Tea plantation workers face frame up in Sri Lanka

Twenty-seven tea plantation workers in Uva province in Sri Lanka have been imprisoned on false charges that they set fire to the residence of an estate manager during a strike last October. On November 17 a magistrate in Badulla, some 250 kilometers away from Colombo, ordered the workers to remain in jail an additional week. The workers have already been remanded in jail for three weeks since their arrest on October 27, the day after the fire was set.

The detained are labourers at the Galaboda division of Passara group--situated 16 kilometers from Badulla. The estate is owned by Hapugastenna Plantations, a large tea company that took over the plantation after its privatisation by the Peoples Alliance government.

The 27 workers were singled out by management personnel during an identification parade November 10. A list of their names was prepared together by management and the police.

Among those arrested are three women workers, three local trade union leaders and a school student. One union leader, who was shot in both of legs by police, is in hospital under police custody. In addition, the day before the outbreak of the fire, a reporter from a well-known Tamil daily newspaper, Virakesari, and his photographer were arrested as they gathered details from striking workers. They have also been held for weeks.

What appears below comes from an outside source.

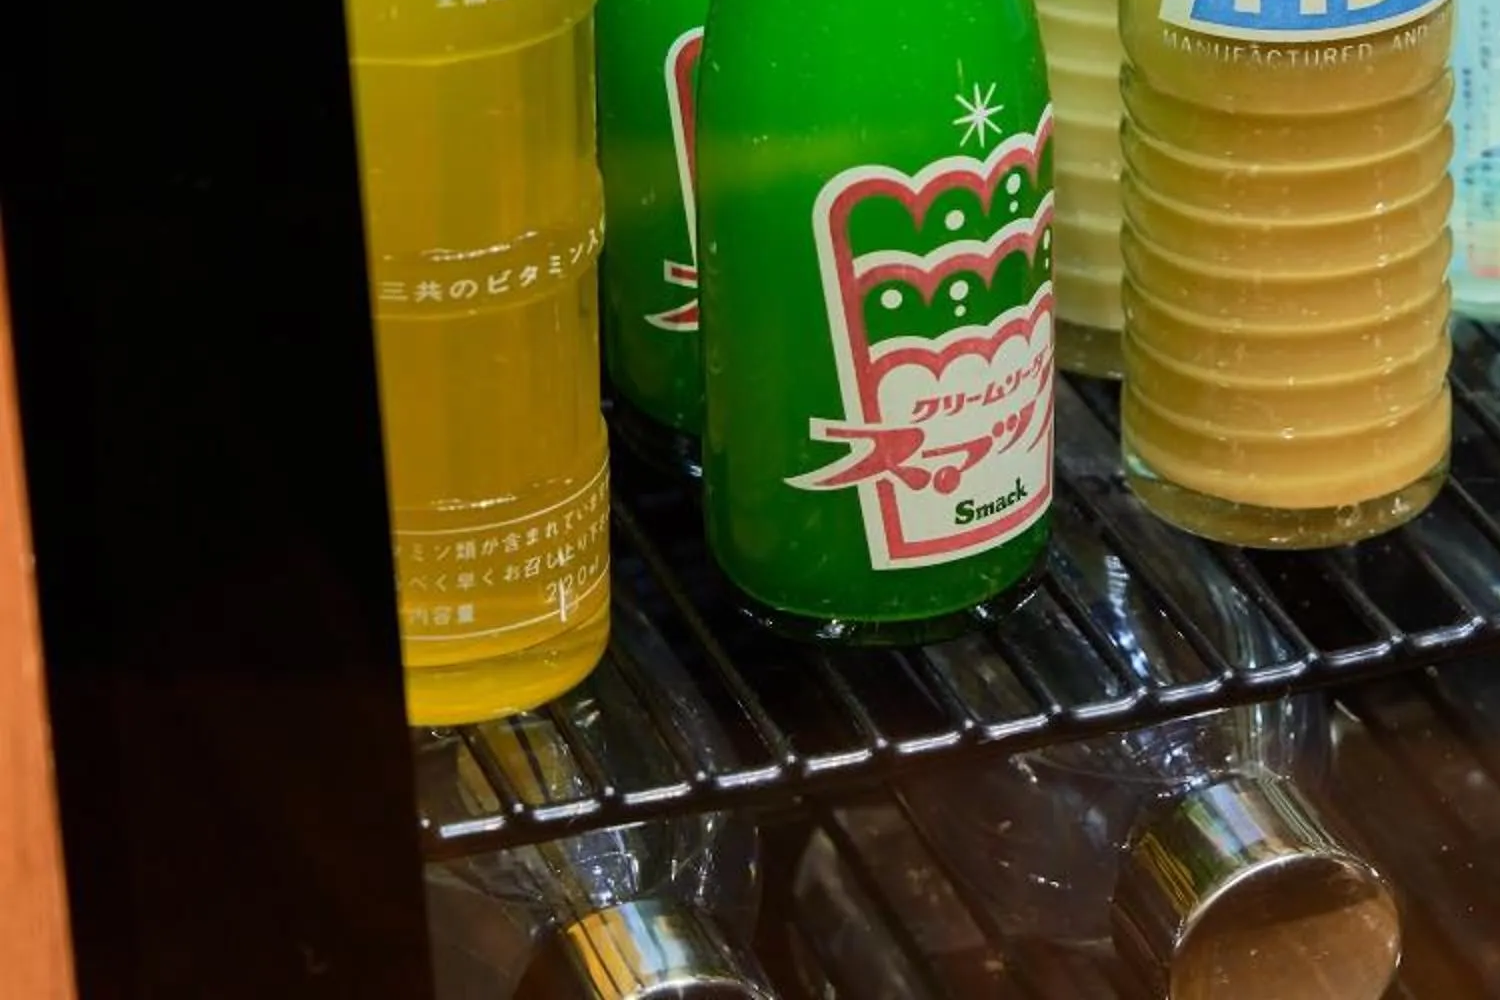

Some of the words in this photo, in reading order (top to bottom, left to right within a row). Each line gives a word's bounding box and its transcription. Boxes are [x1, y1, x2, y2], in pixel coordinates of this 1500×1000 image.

[1161, 28, 1373, 68] MANUFACTURED
[910, 351, 1044, 424] クリームソーダ
[953, 475, 1029, 526] Smack

The arrests were carried out to intimidate and terrorize plantation workers who have been engaged in a series of protests and strikes since September. More than 1,700 workers, both Tamil- and Sinhala-speaking, struck to remove an estate manager who used harassment and racial discrimination to oppress them. The workers also demanded the payment of festival pay on time and the accurate recording of the number of days they work and the amount of tea they pluck. It was a common practice for workers who pluck 25 kg of tea leaves a day to be paid for only 20 kg by the estate supervisor.

Management rejected these demands and the strike became increasingly militant. Union leaders had tried to persuade workers to end the strike but failed. The determination of the workers to win their demands began to attract the support of workers from other estates and forced union officials to call two additional strikes, involving another 60,000 workers. It was at this point that management, with the help of the police, staged a provocation in order to crush the workers' struggle.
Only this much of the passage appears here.